Referring expression grounding data
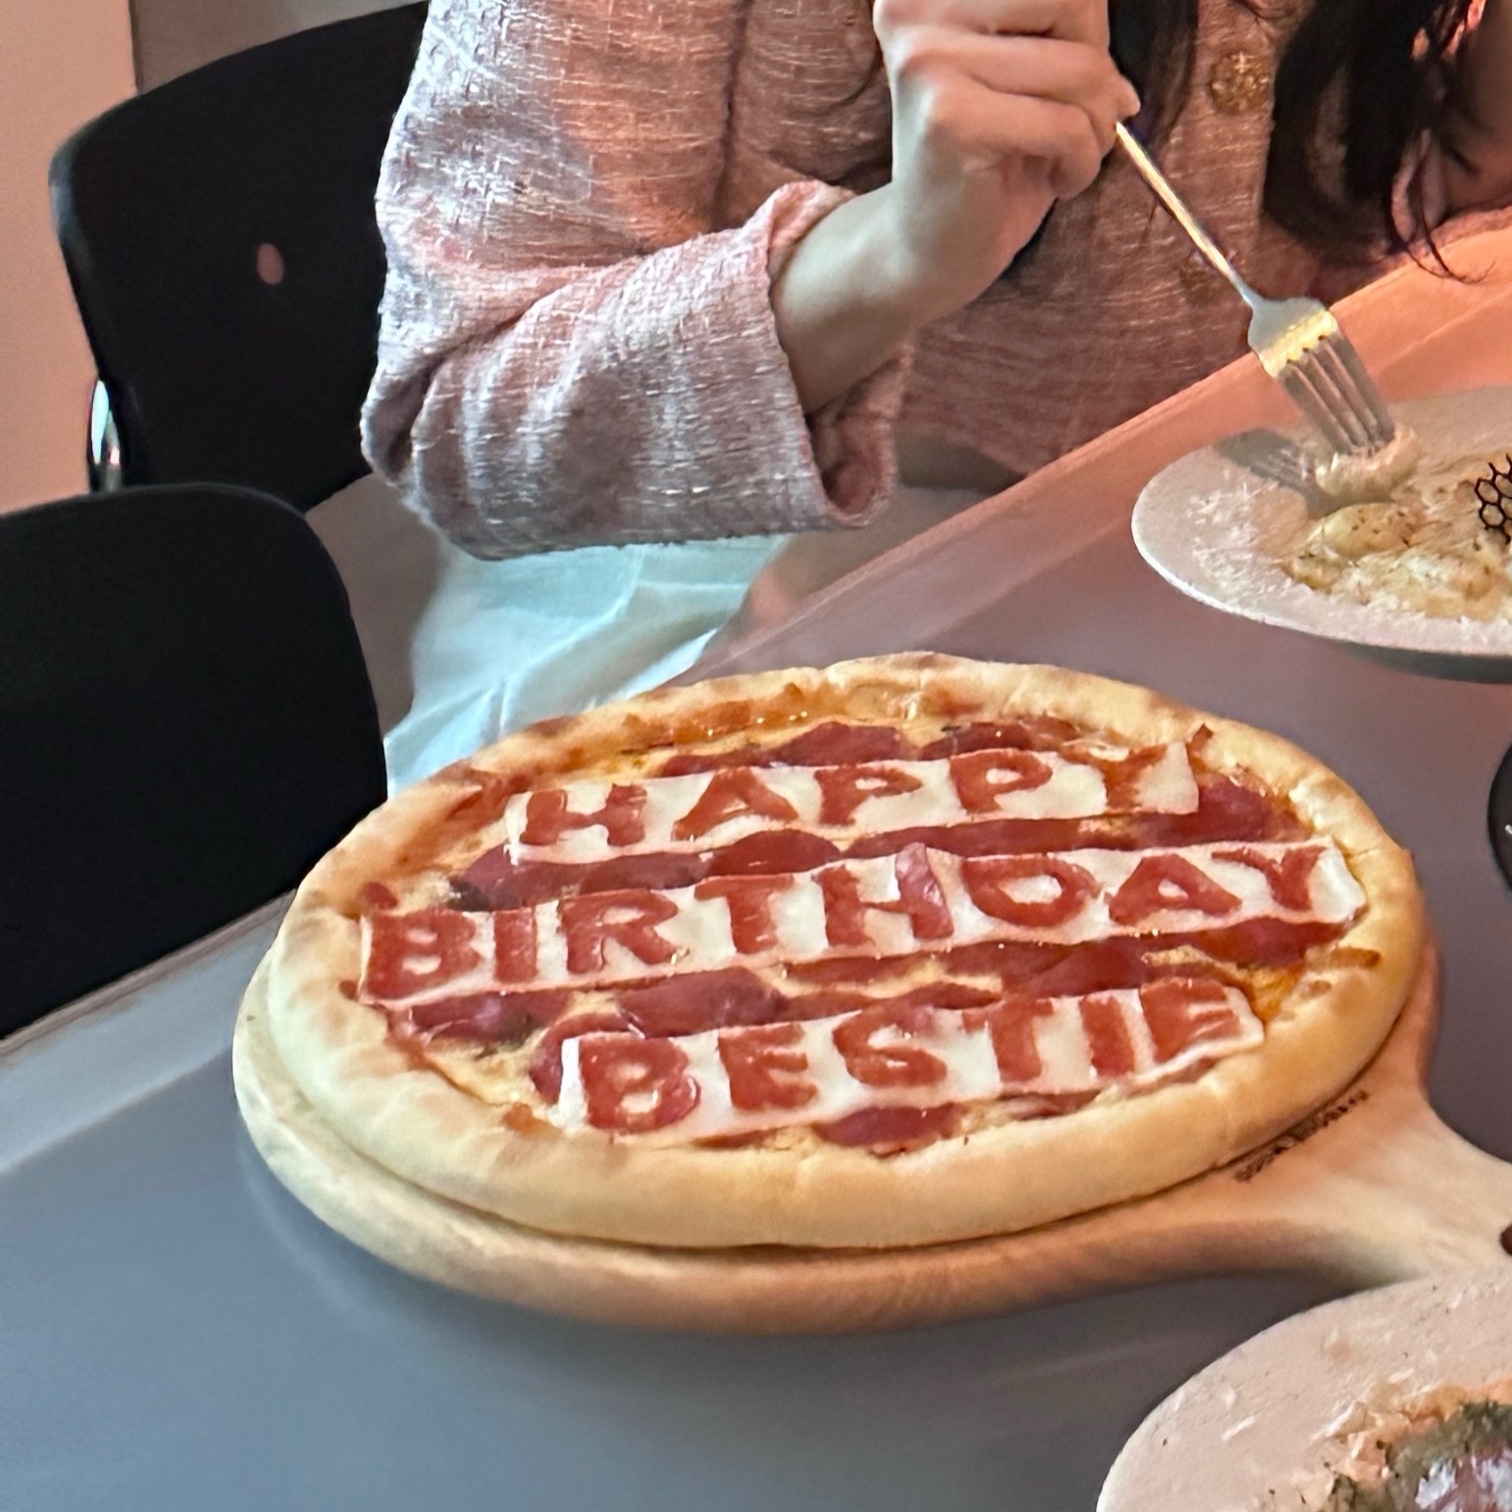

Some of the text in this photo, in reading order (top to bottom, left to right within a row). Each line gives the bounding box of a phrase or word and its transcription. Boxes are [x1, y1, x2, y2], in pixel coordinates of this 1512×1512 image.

[518, 744, 1170, 845] HAPPY
[368, 842, 1326, 1002] BIRTHDAY
[577, 978, 1240, 1132] BESTIE
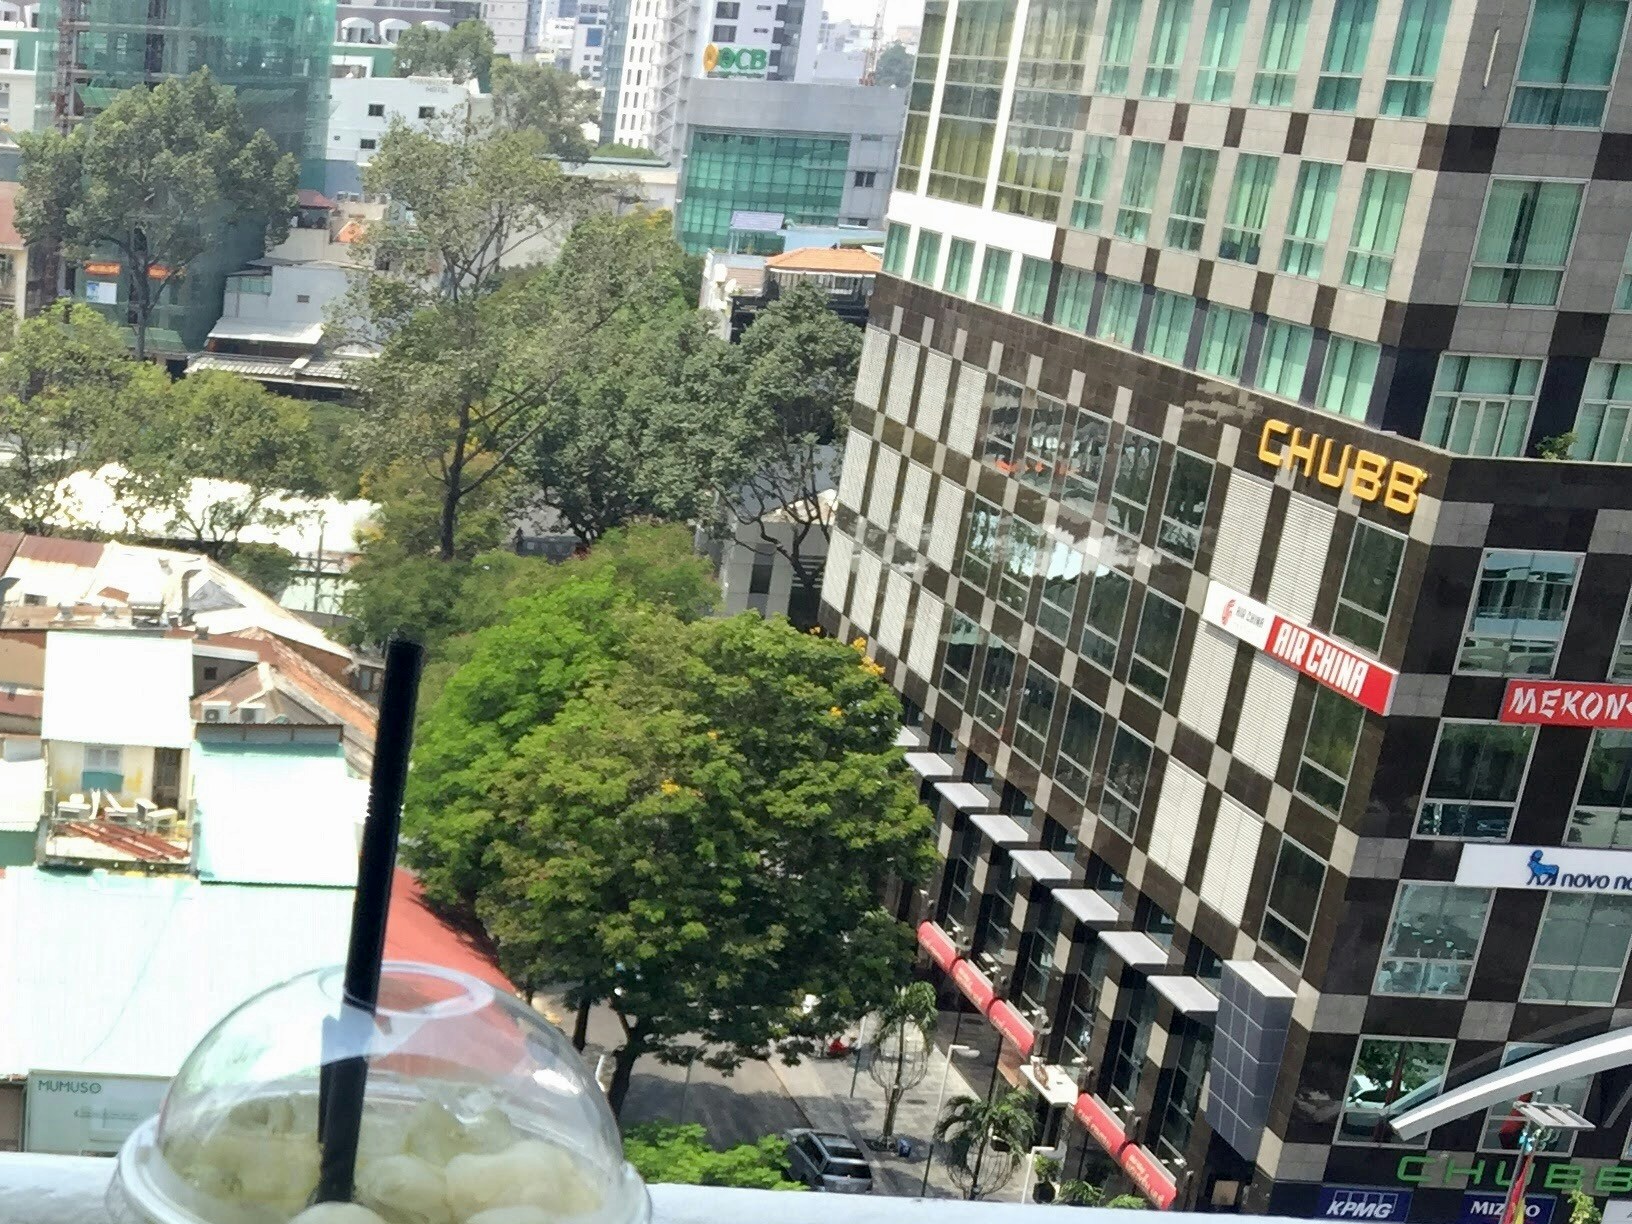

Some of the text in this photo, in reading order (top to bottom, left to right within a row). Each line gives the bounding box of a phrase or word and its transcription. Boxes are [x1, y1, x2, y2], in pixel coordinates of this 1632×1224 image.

TASK
Each line above should be written out again exactly, and no picture should appear in the copy.

WORKED SOLUTION
Some of the text in this photo, in reading order (top to bottom, left to right within a row). Each line gives the bounding box of a phrase or word and its transcription. Boxes are [x1, y1, x2, y2], in pixel coordinates of this 1512×1512 image.

[518, 744, 1170, 845] HAPPY
[368, 842, 1326, 1002] BIRTHDAY
[577, 978, 1240, 1132] BESTIE

Some of the text in this photo, in reading order (top to bottom, left to right within a row). Each line gives the bounding box of a phrase or word and its transcription. Boxes are [x1, y1, x2, y2], in pixel coordinates of this 1632×1224 image.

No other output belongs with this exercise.